Check websites for broken links

View project on GitHub

Q: LinkChecker produced an error, but my web page is ok with Mozilla/IE/Opera/... Is this a bug in LinkChecker?

A: Please check your web pages first. Are they really ok? Often the major browsers are very forgiving and good at handling HTML of HTTP errors, while LinkChecker complains in most cases of invalid content.

Use the --check-html option, or check if you are using a proxy which produces the error.

Q: I still get an error, but the page is definitely ok.

A: Some servers deny access of automated tools (also called robots) like LinkChecker. This is not a bug in LinkChecker but rather a policy by the webmaster running the website you are checking. Look in the /robots.txt file which follows the robots.txt exclusion standard.

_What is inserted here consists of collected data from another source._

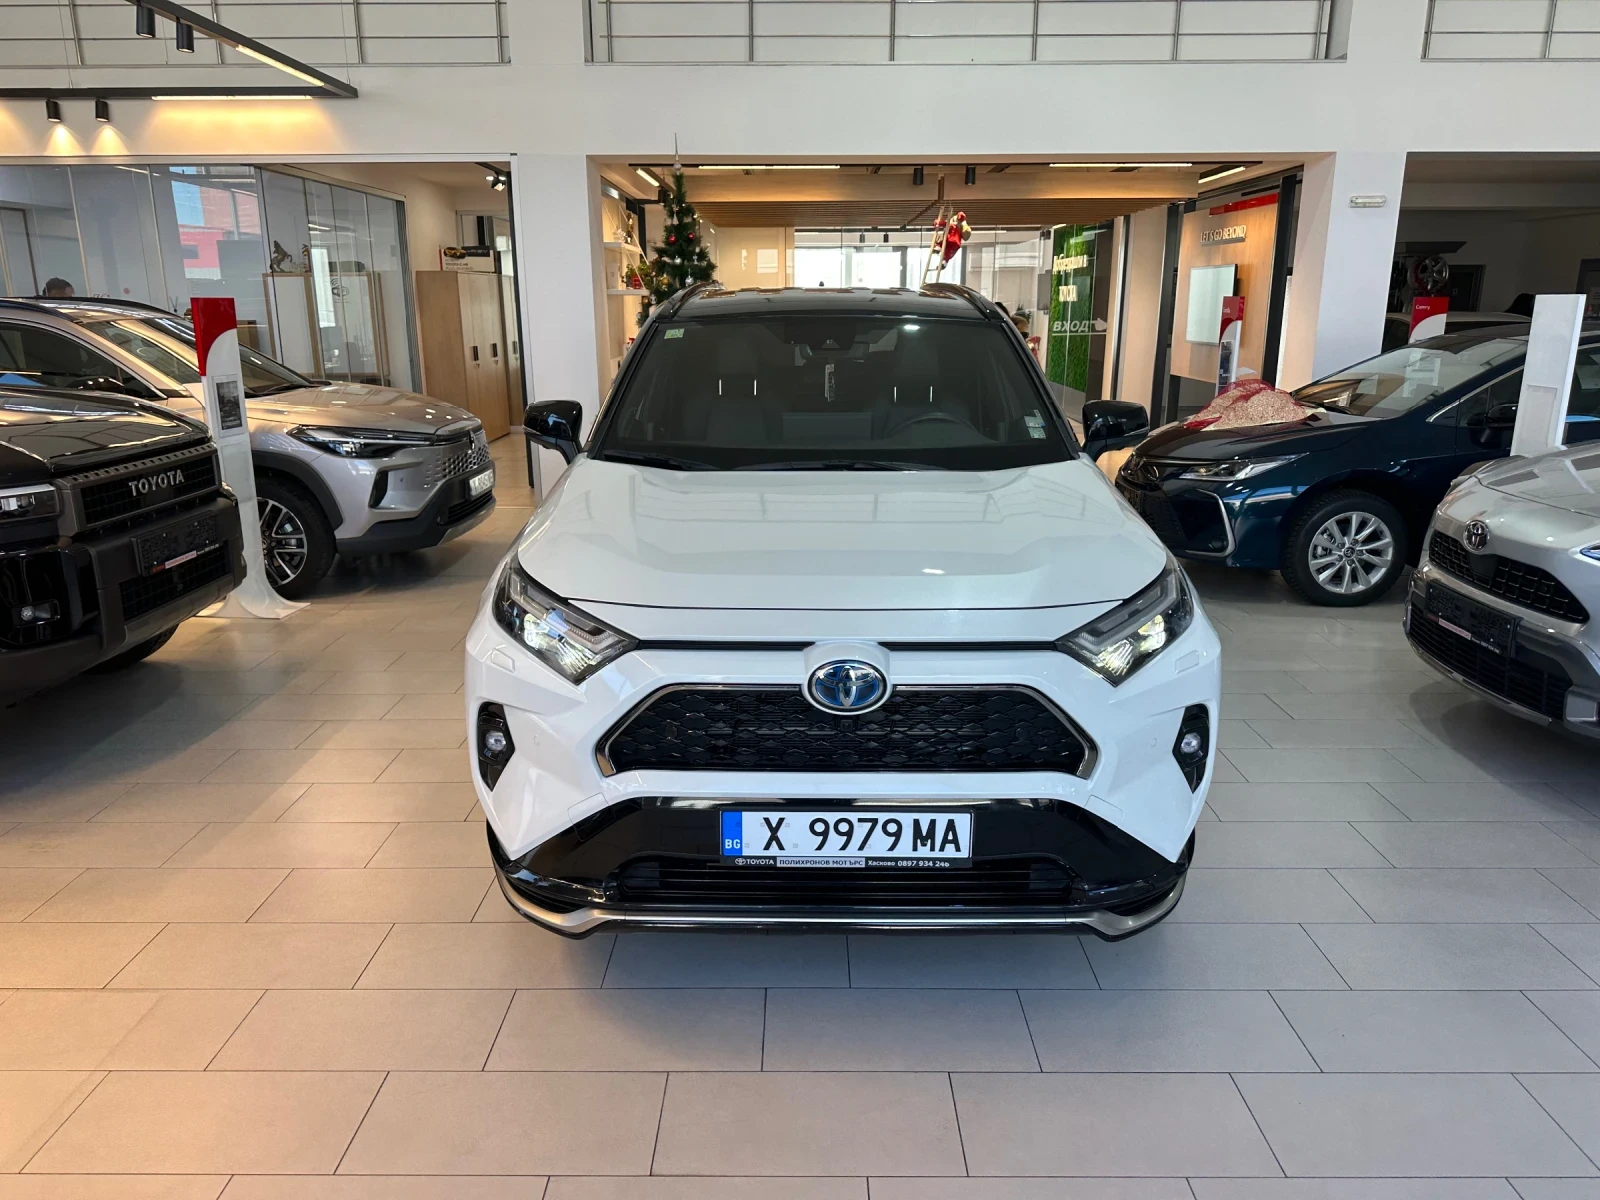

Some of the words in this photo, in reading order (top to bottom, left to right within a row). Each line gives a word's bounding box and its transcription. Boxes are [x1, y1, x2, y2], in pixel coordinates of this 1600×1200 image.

[1223, 225, 1247, 239] BEYOND
[1053, 320, 1088, 333] ВХОД
[128, 469, 185, 497] TOYOTA
[762, 817, 786, 851] X
[808, 817, 903, 852] 9979
[912, 818, 962, 853] MA
[724, 838, 741, 850] BG
[747, 858, 775, 866] TOYOTA
[779, 859, 831, 867] ПОЛИХРОНОВ

For identification LinkChecker adds to each request a User-Agent header like this:

Mozilla/5.0 (compatible; LinkChecker/9.3; +http://wummel.github.io/linkchecker/)

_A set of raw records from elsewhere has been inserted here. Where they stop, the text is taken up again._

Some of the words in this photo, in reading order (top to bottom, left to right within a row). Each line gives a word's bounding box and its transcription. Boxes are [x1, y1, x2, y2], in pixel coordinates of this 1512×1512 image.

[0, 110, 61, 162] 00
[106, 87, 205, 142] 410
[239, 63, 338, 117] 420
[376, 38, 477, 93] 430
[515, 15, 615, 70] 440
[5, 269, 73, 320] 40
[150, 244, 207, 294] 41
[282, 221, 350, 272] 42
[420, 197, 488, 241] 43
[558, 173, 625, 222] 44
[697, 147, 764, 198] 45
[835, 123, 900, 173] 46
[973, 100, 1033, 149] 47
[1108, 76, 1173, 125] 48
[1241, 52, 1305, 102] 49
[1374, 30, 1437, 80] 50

If you yourself are the webmaster, consider allowing LinkChecker to check your web pages by adding the following to your robots.txt file:

User-Agent: LinkChecker
Allow: /

Q: How can I tell LinkChecker which proxy to use?

A: LinkChecker works automatically with proxies. In a Unix or Windows environment, set the http_proxy, https_proxy, ftp_proxy environment variables to a URL that identifies the proxy server before starting LinkChecker. For example

$ http_proxy="http://www.example.com:3128"
$ export http_proxy

Q: The link "mailto:john@company.com?subject=Hello John" is reported as an error.

A: You have to quote special characters (e.g. spaces) in the subject field. The correct link should be "mailto:...?subject=Hello%20John" Unfortunately browsers like IE and Netscape do not enforce this.

Q: Has LinkChecker JavaScript support?

A: No, it never will. If your page is only working with JS, it is better to use a browser testing tool like Selenium.

Q: Is the LinkCheckers cookie feature insecure?

A: Potentially yes. This depends on what information you specify in the cookie file. The cookie information will be sent to the specified hosts.

Also, the following restrictions apply for cookies that LinkChecker receives from the hosts it check:

  • Cookies will only be sent back to the originating server (ie. no third party cookies are allowed).
  • Cookies are only stored in memory. After LinkChecker finishes, they are lost.
  • The cookie feature is disabled as default.

Q: LinkChecker retrieves a /robots.txt file for every site it checks. What is that about?

A: LinkChecker follows the robots.txt exclusion standard. To avoid misuse of LinkChecker, you cannot turn this feature off. See the Web Robot pages and the Spidering report for more info.

If you yourself are the webmaster, consider allowing LinkChecker to check your web pages by adding the following to your robots.txt file:

User-Agent: LinkChecker
Allow: /

Q: How do I print unreachable/dead documents of my website with LinkChecker?

A: No can do. This would require file system access to your web repository and access to your web server configuration.

Q: How do I check HTML/XML/CSS syntax with LinkChecker?

A: Use the --check-html and --check-css options.

Q: I want to have my own logging class. How can I use it in LinkChecker?

A: A Python API lets you define new logging classes. Define your own logging class as a subclass of _Logger or any other logging class in the log module. Then call the add_logger function in Config.Configuration to register your new Logger. After this append a new Logging instance to the fileoutput.

import linkcheck
class MyLogger(linkcheck.logger._Logger):
    LoggerName = 'mylog'
    LoggerArgs = {'fileoutput': log_format, 'filename': 'foo.txt'}

    # ...

cfg = linkcheck.configuration.Configuration()
cfg.logger_add(MyLogger)
cfg['fileoutput'].append(cfg.logger_new(MyLogger.LoggerName))